Inactivation of a class A and a class C β-lactamase by 6β-(hydroxymethyl)penicillanic acid sulfone

beta-Lactamase inhibitors (clavulanic acid, sulbactam, and tazobactam) contribute significantly to the longevity of the beta-lactam antibiotics used to treat serious infections. In the quest to design more potent compounds and to understand the mechanism of action of known inhibitors, 6 beta-(hydroxymethyl)penicillanic acid sulfone (6 beta-HM-sulfone) was tested against isolates expressing the class A TEM-1 beta-lactamase and a clinically important variant of the AmpC cephalosporinase of Pseudomonas aeruginosa, PDC-3. The addition of the 6 beta-HM-sulfone inhibitor to ampicillin was highly effective. 6 beta-HM-sulfone inhibited TEM-1 with an IC50 of 12 +/- 2 nM and PDC-3 with an IC50 of 180 +/- 36 nM, and displayed lower partition ratios than commercial inhibitors, with partition ratios (k(cat)/k(inact)) equal to 174 for TEM-1 and 4 for PDC-3. Measured for 20 h, 6 beta-HM-sulfone demonstrated rapid, first-order inactivation kinetics with the extent of inactivation being related to the concentration of inhibitor for both TEM-1 and PDC-3. Using mass spectrometry to gain insight into the intermediates of inactivation of this inhibitor, 6 beta-HM-sulfone was found to form a major adduct of +247 +/- 5 Da with TEM-1 and +245 +/- 5 Da with PDC-3, suggesting that the covalently bound, hydrolytically stabilized acyl-enzyme has lost a molecule of water (H-O-H).
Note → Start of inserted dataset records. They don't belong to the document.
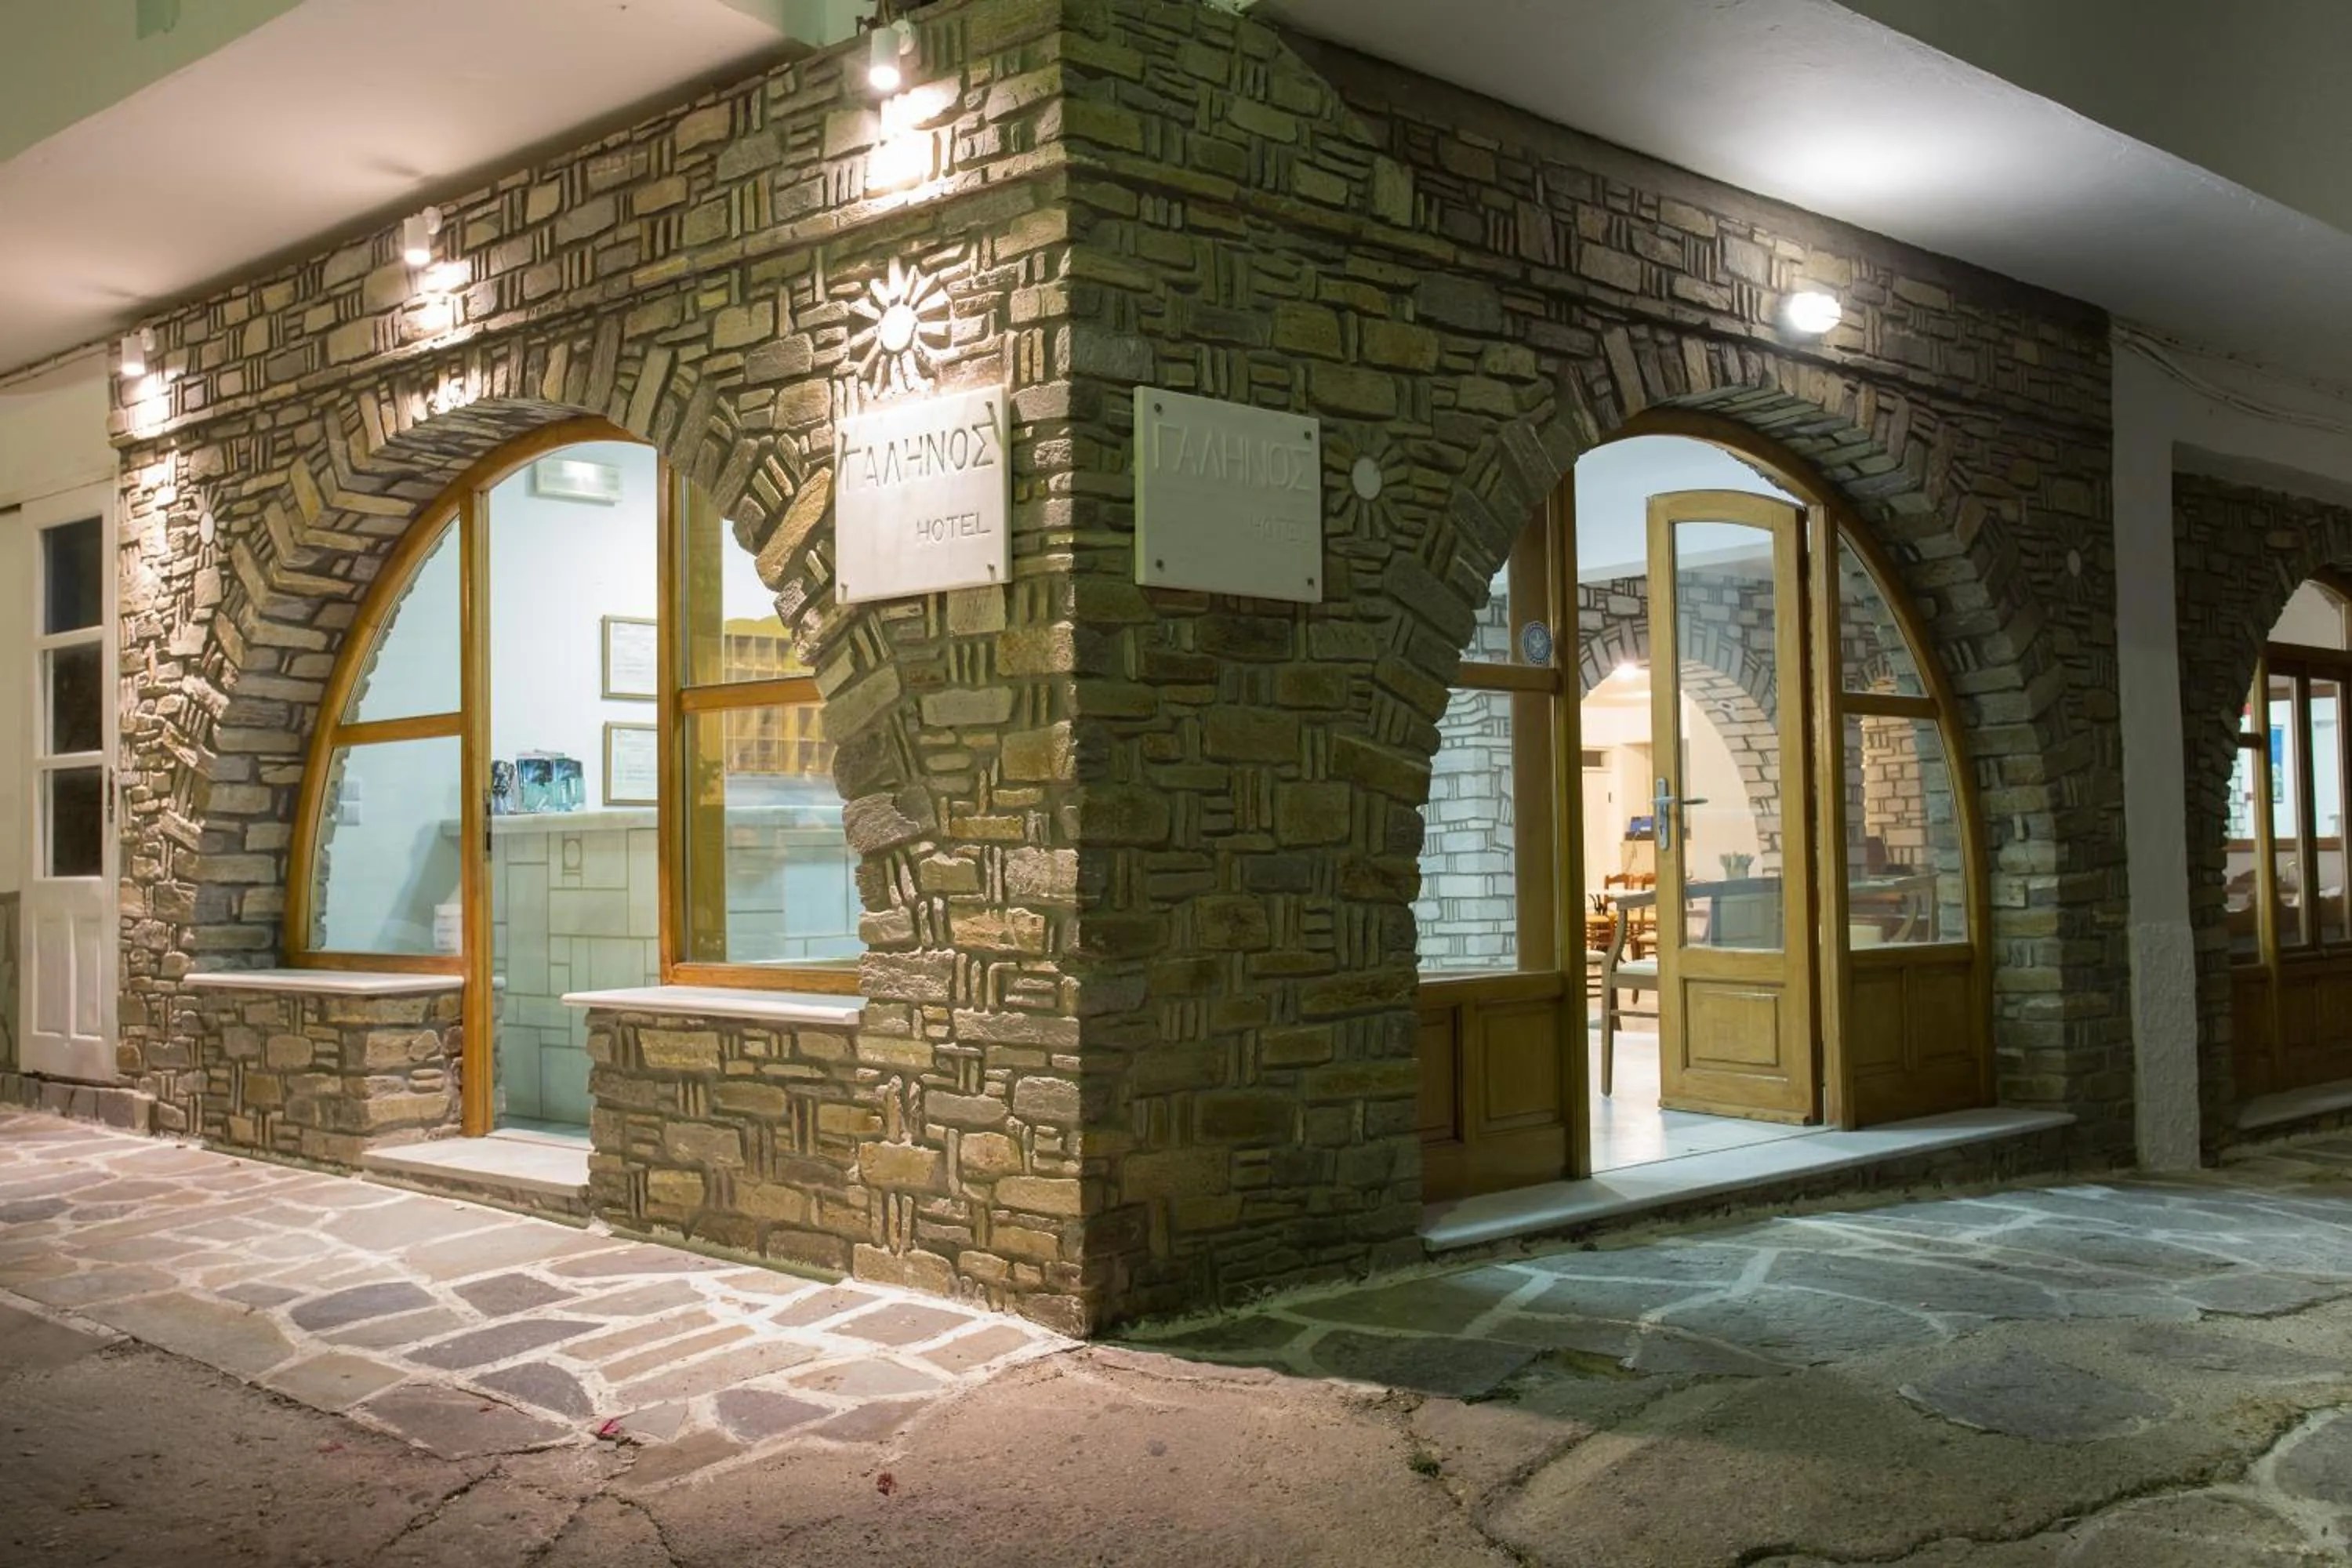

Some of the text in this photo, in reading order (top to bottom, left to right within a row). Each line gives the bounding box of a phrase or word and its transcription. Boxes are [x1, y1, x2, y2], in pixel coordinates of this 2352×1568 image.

[842, 422, 994, 492] ΓΑΛΗΝΟΣ
[1153, 421, 1312, 492] ΓΑΛΗΝΟΣ
[916, 512, 992, 543] HOTEL
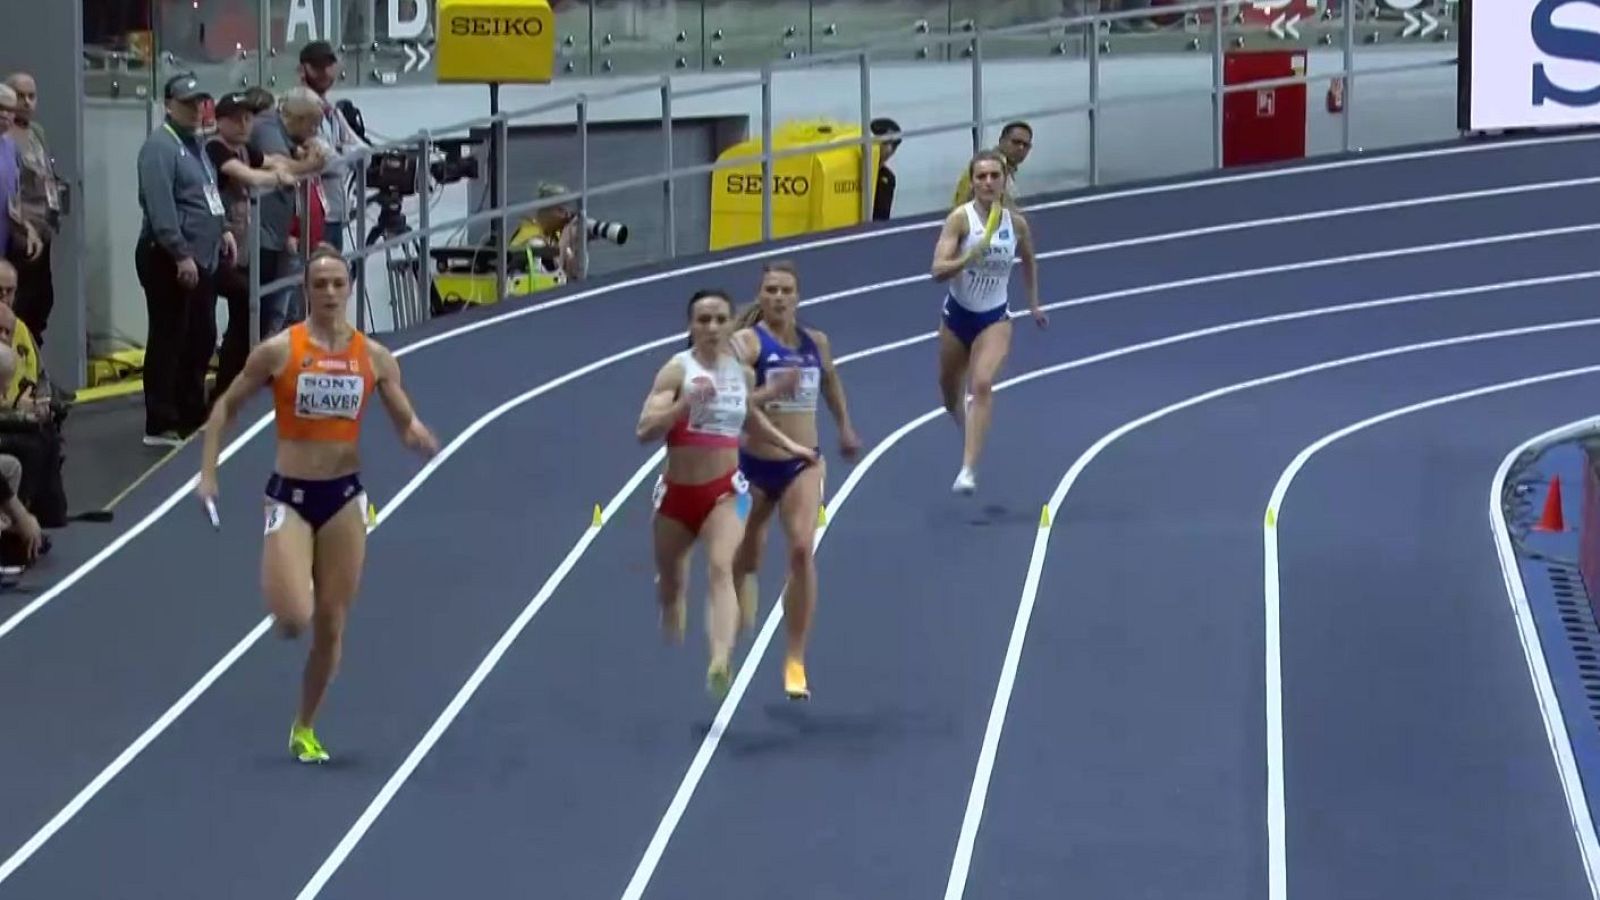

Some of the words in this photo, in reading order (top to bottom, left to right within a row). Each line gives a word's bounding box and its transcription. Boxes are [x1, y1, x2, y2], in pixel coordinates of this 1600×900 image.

[451, 16, 543, 37] SEIKO
[727, 175, 809, 196] SEKO
[300, 393, 359, 409] KLAVER
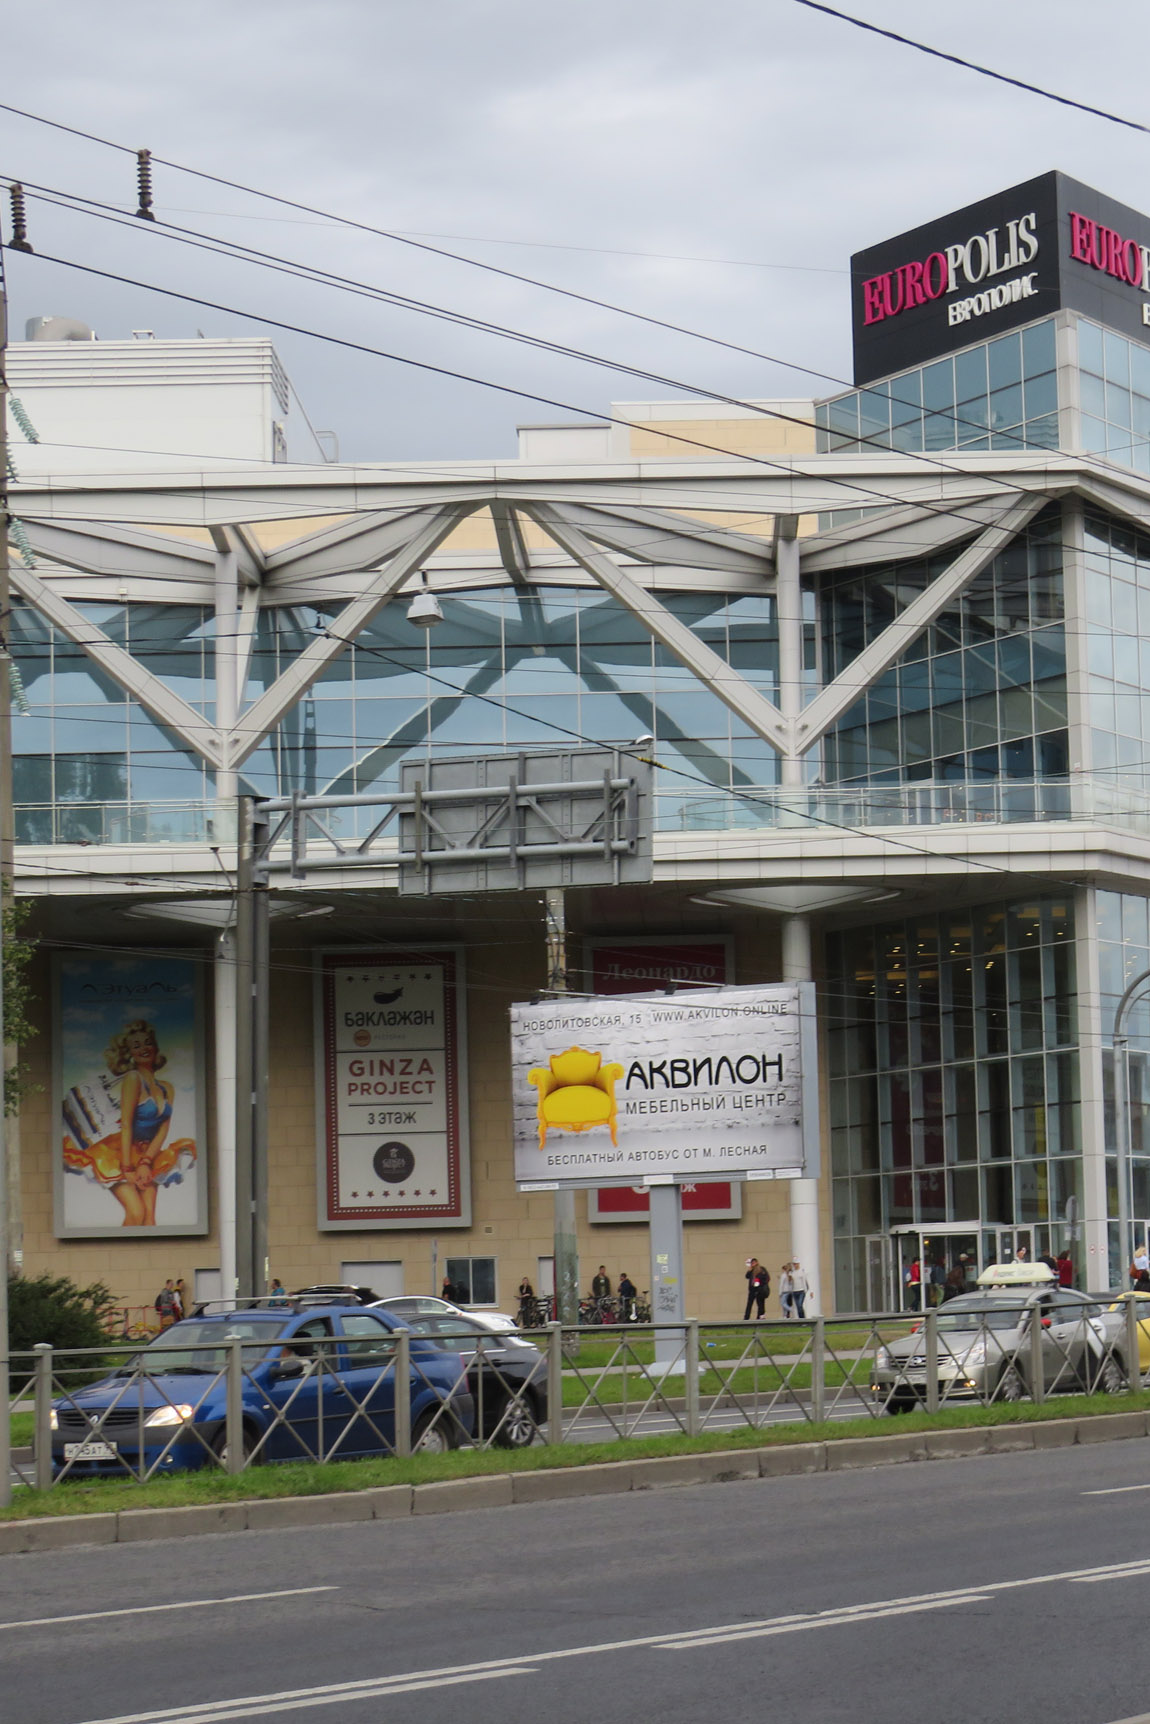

Minor adducts of +88 +/- 5 Da with TEM-1 and +85 +/- 5 Da with PDC-3 revealed that fragmentation of the covalent adduct can result but appeared to occur slowly with both enzymes. 6 beta-HM-sulfone is an effective and versatile beta-lactamase inhibitor of representative class A and C enzymes. Published by Elsevier Inc.